Ainda segundo o superintendente, o crescente número de leitos que precisam ser disponibilizados para os pacientes com Coronavírus, colocam em risco os atendimentos a outros pacientes que também têm câncer e que precisam ser internados. O Hospital Universitário é referência no tratamento de câncer em Alagoas.
Segundo o relatório da Secretaria de Saúde de Alagoas de hoje (05/06), o Hospital Universitário está com todos os seus leitos clínicos ocupados e apenas três vagas de UTI adulta, representando 79% da sua capacidade máxima.
Além dos secretários de saúde, estadual e municipal, também serão convidados para a reunião on-line, os deputados estaduais que compõem a Comissão de Saúde e Seguridade Social da Assembleia Legislativa de Alagoas.
Lista única para UTIs
A deputada federal Tereza Nelma propôs a formação de uma lista única em hospitais públicos e privados, em cada Estado, para ocupação de leitos de Unidades de Terapia Intensiva (UTI) de pessoas infectadas pelo Covid-19. O projeto de lei 2548/2020 está tramitando na Câmara de Deputados.

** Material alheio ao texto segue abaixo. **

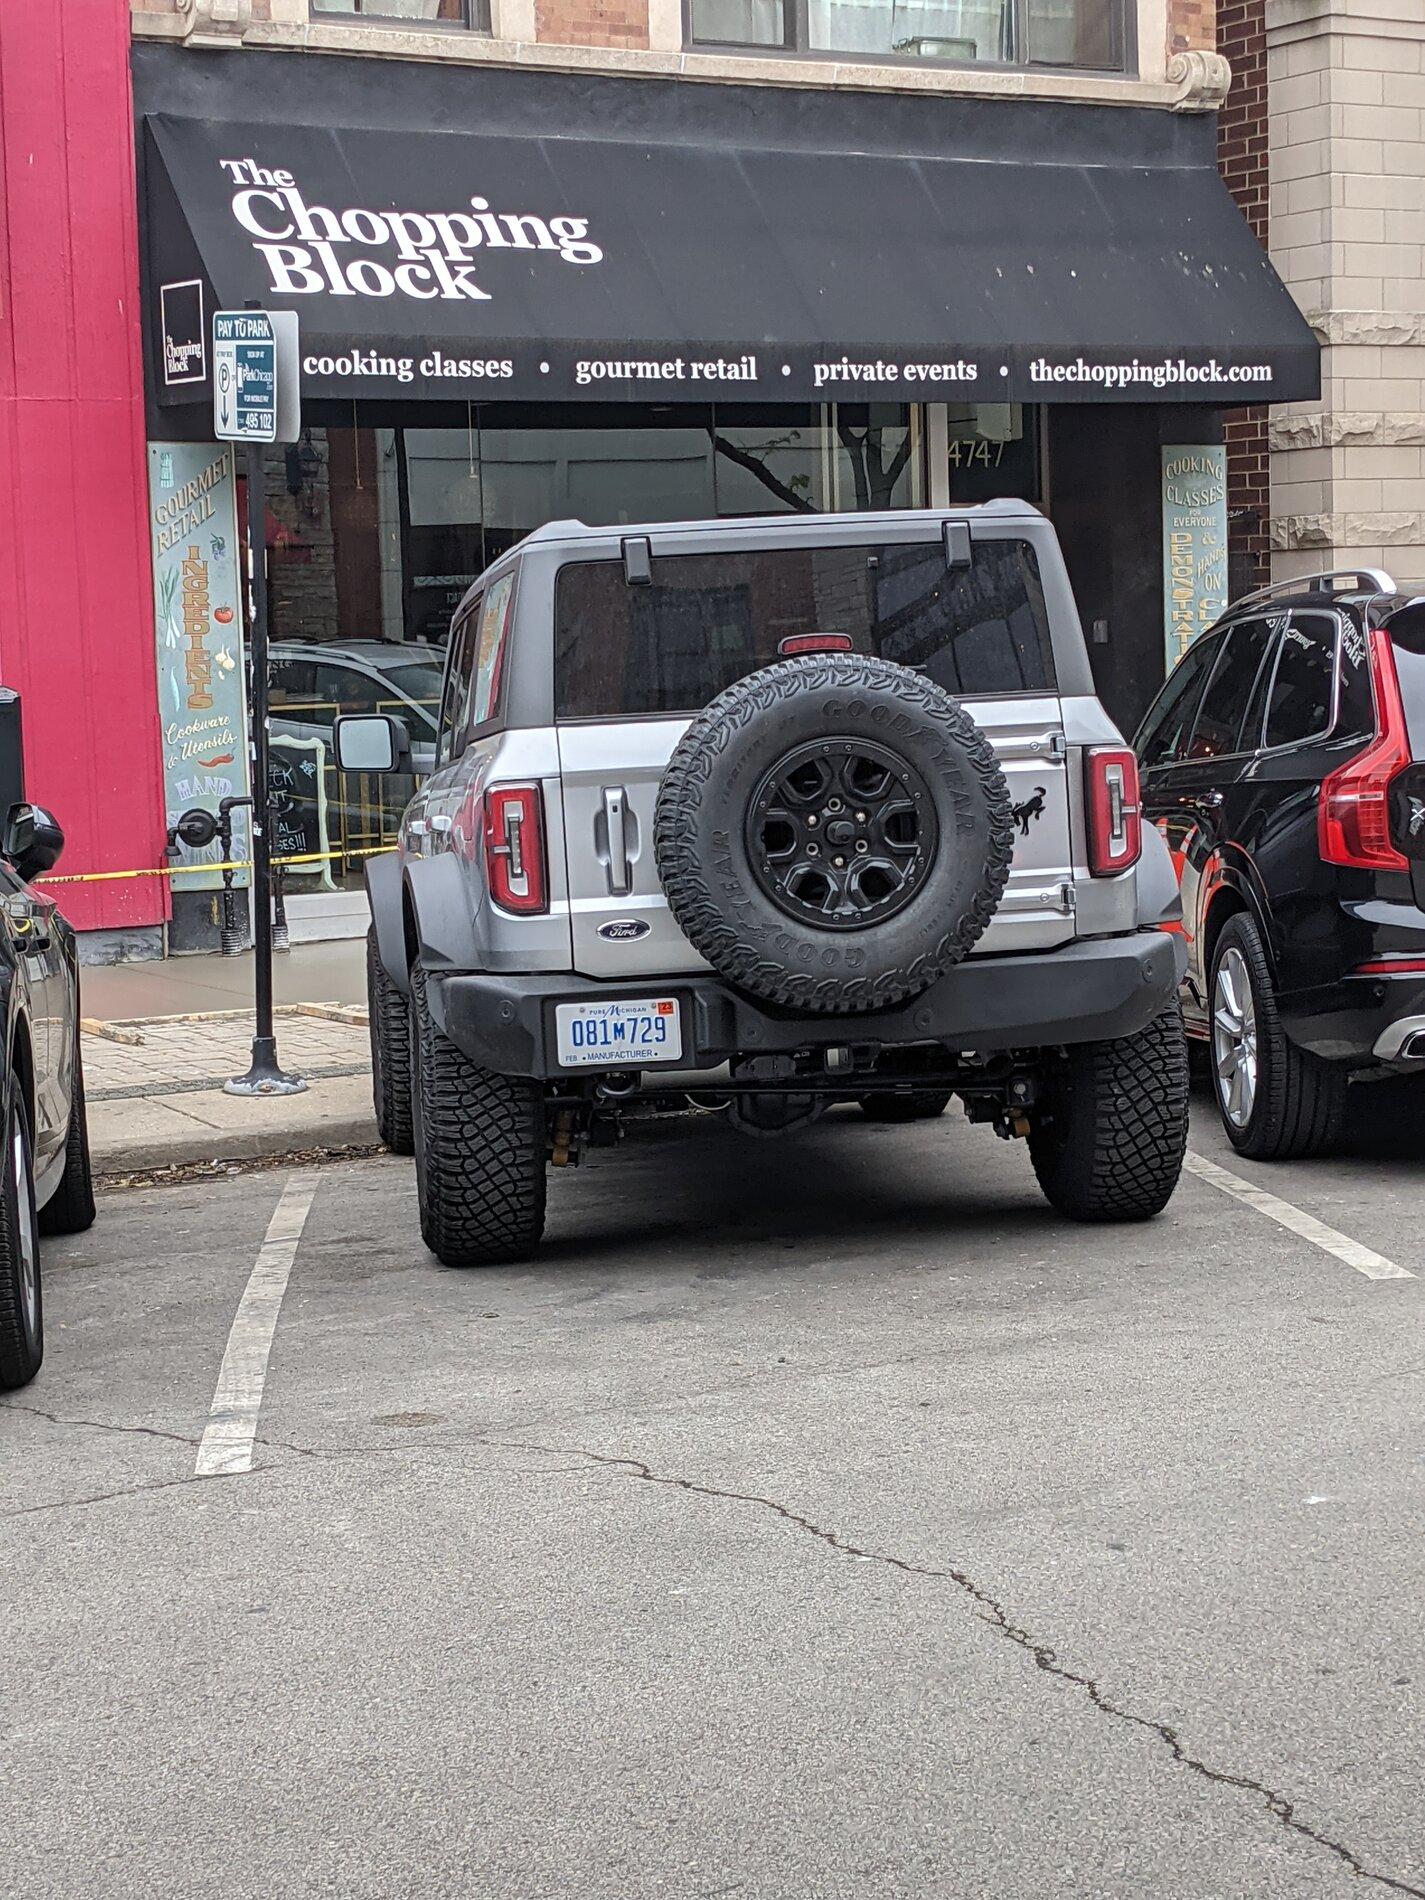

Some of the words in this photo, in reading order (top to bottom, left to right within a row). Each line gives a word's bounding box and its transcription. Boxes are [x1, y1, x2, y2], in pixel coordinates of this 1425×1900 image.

O projeto de lei é inspirado na lista nacional de transplantes. Leva em consideração que em quase todo Brasil o SUS está entrando em colapso e não dará conta de atender todos os pacientes, já que a demanda de infectados só cresce e o número de leitos não será suficiente. “Não é justo que uma pessoa morra esperando uma vaga na UTI de um hospital público, enquanto há esse leito vazio em hospitais privados. Não é o momento de segregar”, define Tereza Nelma.